"Ke masjid, Pak!" Sahut Azki sambil menunjuk ke seberang jalan. Pak Gatot mengangguk mengerti. Pandangannya mengarah ke gerbang Masjid.
"Bapak tinggal di mana?"
Pertanyaan Dedi mengalihkan perhatian Pak Gatot dari Azki. Keduanya pun melanjutkan percakapan yang tadi terputus. Mereka hanyut dalam pembicaraan.
Perlahan, Azki berbalik badan. Menyeberangi jalan menuju masjid. Senyum Azki semakin mengembang. Aisyah? Ujian SMP? Berarti anak Pak Gatot seusia denganku?
***
Udara sore semakin lembut. Namun pasar semakin ramai oleh pedagang yang biasa berjualan malam hari di sepanjang trotoar pinggir jalan.
Azki memandang ke kios.
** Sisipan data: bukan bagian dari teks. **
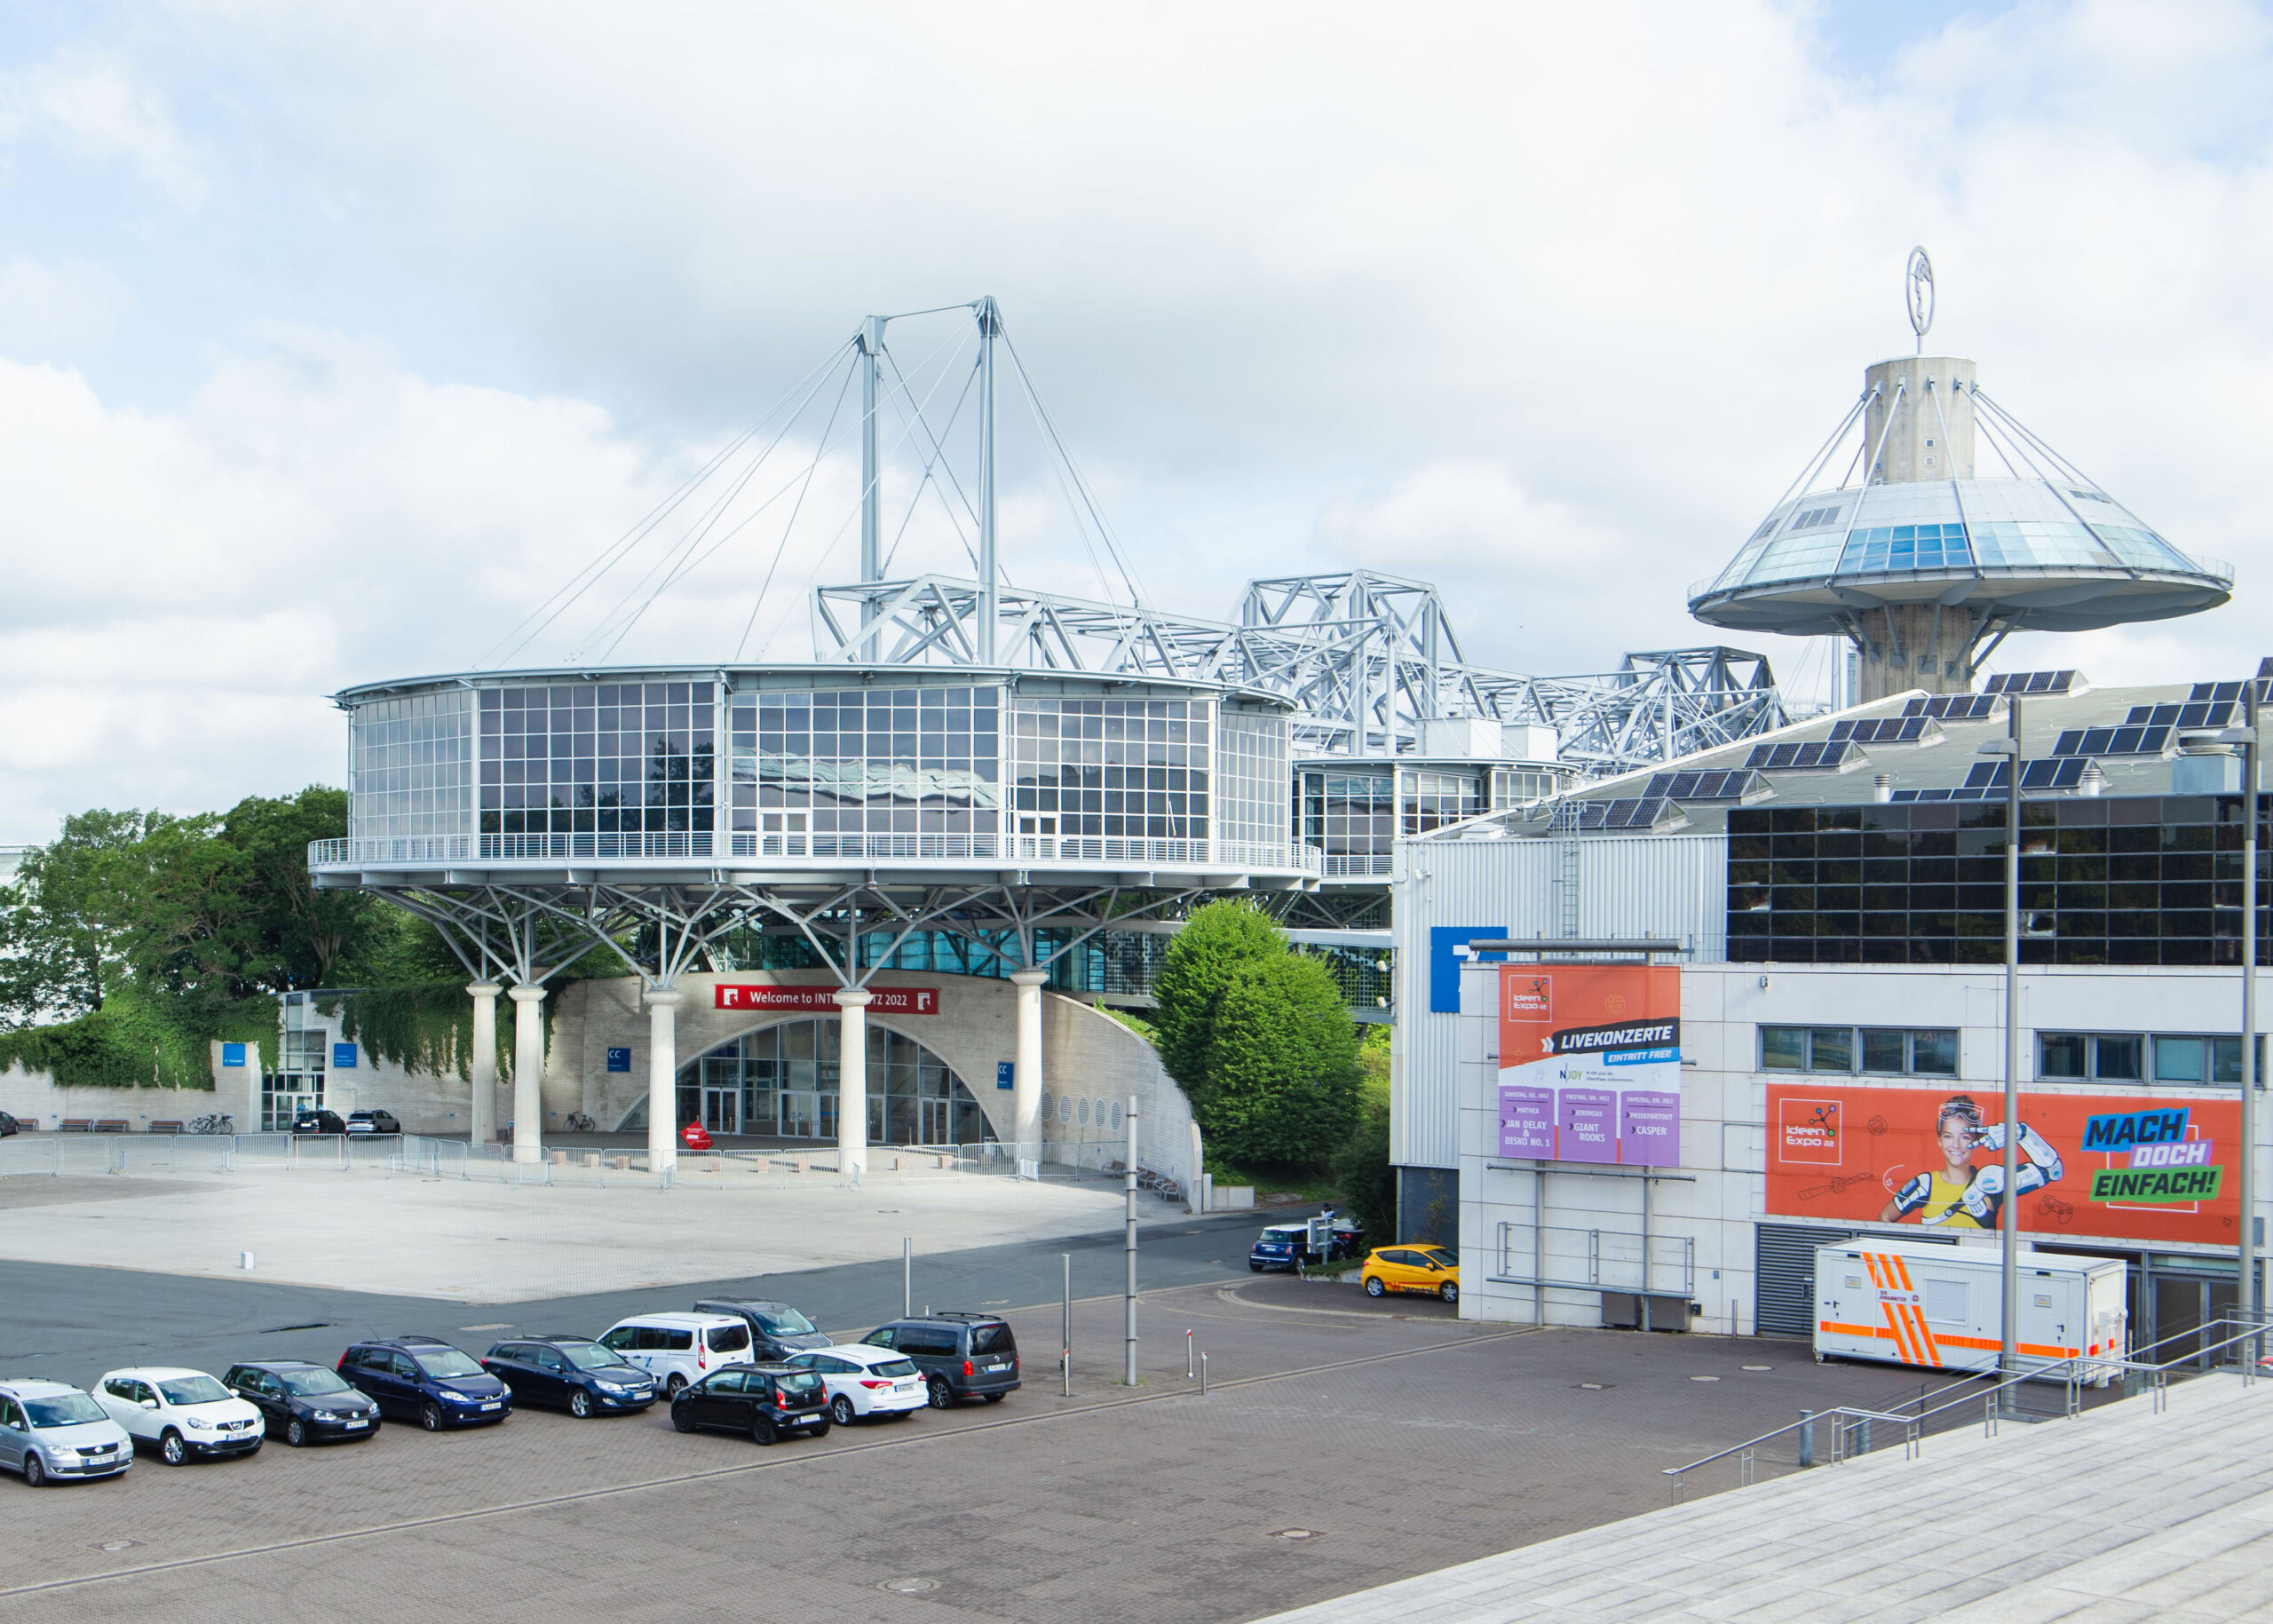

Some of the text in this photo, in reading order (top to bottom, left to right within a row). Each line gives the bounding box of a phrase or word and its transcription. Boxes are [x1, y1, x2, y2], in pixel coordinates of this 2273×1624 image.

[749, 991, 799, 1003] Welcome
[802, 993, 812, 1004] to
[885, 994, 907, 1006] 2022
[1513, 1002, 1539, 1010] Expo
[1560, 1026, 1674, 1050] LIVEKONZERTE
[1607, 1050, 1673, 1063] EINTRITT FREI!
[998, 1065, 1007, 1074] CC
[1505, 1120, 1547, 1129] JAN DELAY
[1573, 1122, 1599, 1131] GIANT
[2086, 1113, 2184, 1147] MACH
[1636, 1126, 1667, 1136] CASPER
[1786, 1125, 1826, 1136] Ideen
[1504, 1137, 1528, 1145] DISKO
[1579, 1132, 1605, 1142] ROOKS
[1786, 1136, 1822, 1147] Expo
[2133, 1143, 2207, 1167] DOCH
[2094, 1170, 2218, 1197] EINFACH!
Dedi dan Pak Gatot terlihat masih terlibat dalam pembicaraan serius.
Mang Amin sedang menyapu halaman masjid. Matanya meminta Azki untuk bersegera. Azki melangkah lebih cepat sambil tersenyum.
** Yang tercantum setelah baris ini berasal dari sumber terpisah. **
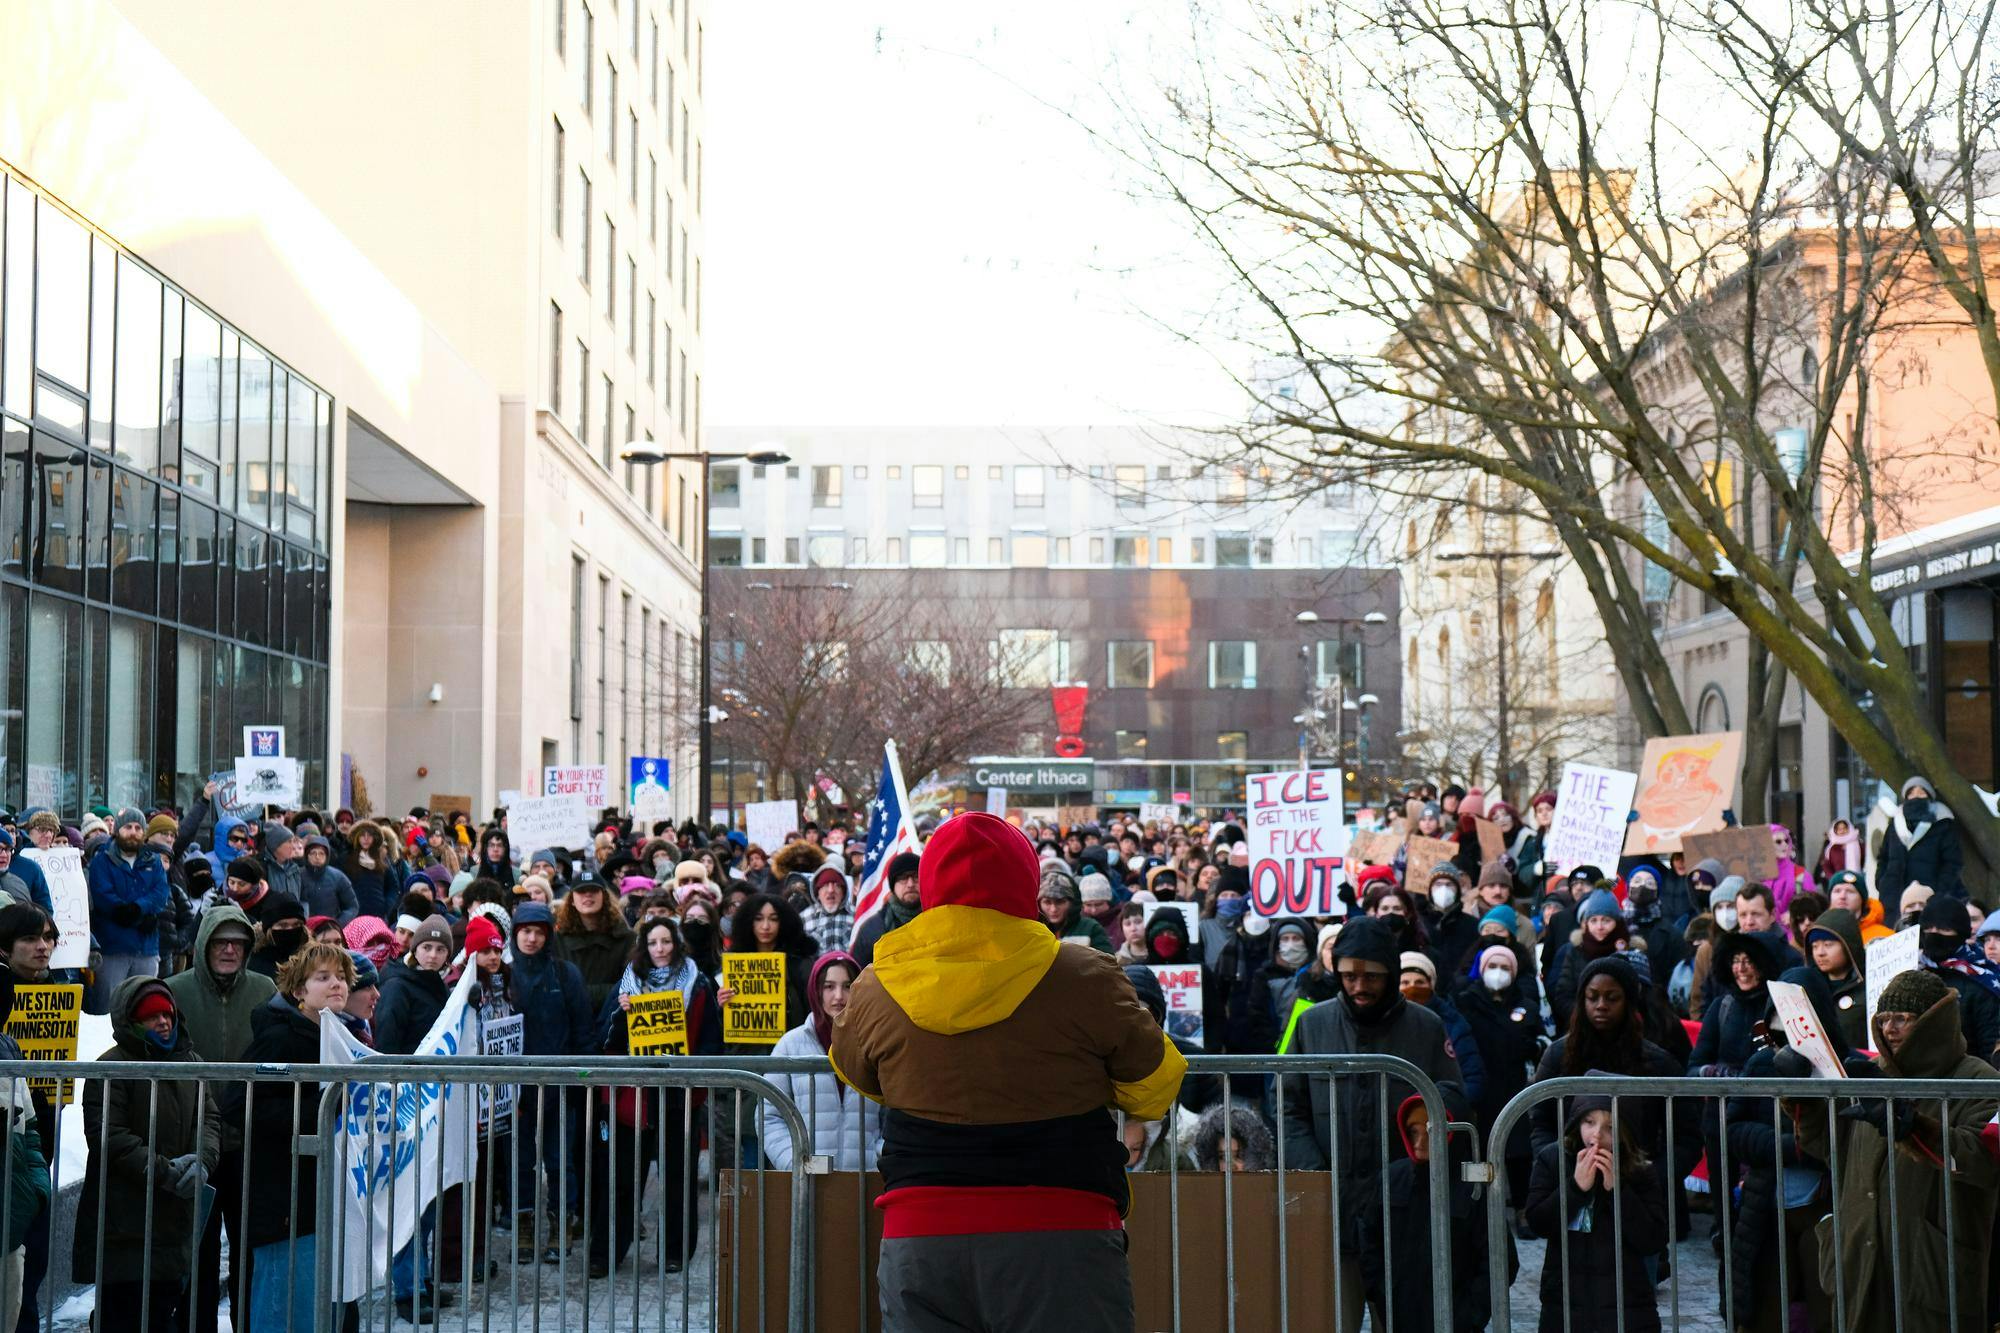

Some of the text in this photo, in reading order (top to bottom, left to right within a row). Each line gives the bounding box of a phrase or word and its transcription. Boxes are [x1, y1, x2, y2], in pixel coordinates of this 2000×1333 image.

[1906, 565, 1920, 585] FO
[1926, 550, 1969, 579] HISTORY
[1970, 545, 1993, 568] AND
[976, 768, 1087, 785] Center Ithaca
[1571, 771, 1610, 802] THE
[1251, 771, 1329, 809] ICE
[1255, 808, 1320, 826] GET THE
[1565, 799, 1614, 823] MOST
[1269, 827, 1324, 855] FUCK
[48, 855, 80, 873] OUT
[1251, 857, 1344, 918] OUT
[728, 958, 780, 972] THE WHOLE
[729, 979, 780, 995] IS GUILTY
[13, 991, 75, 1011] WE STAND
[26, 1012, 60, 1020] WITH
[631, 1010, 684, 1030] ARE
[732, 1010, 778, 1029] DOWN!
[7, 1021, 77, 1039] MINNESOTA!
[487, 1022, 521, 1042] BILLIONAIRES
[631, 1025, 685, 1037] WELCOME
[487, 1036, 520, 1056] ARE THE
Tepat di depan mihrab. Azki menyelesaikan rakaat terakhirnya lebih lama. Doanya lebih panjang. Ia tertunduk. Ada tangis tertahan. Ya Allah. Tunjukkanlah jalan-Mu.
Lima belas menit berlalu. Azki masih tertunduk. Bahunya naik turun. Sudah setengah jam, Azki belum juga keluar dari masjid.
Mang Amin menghentikan pekerjaannya. Mengedarkan pandangan ke arah mihrab, tempat biasanya Azki salat. Azki masih tertunduk. Mang Amin menghampiri.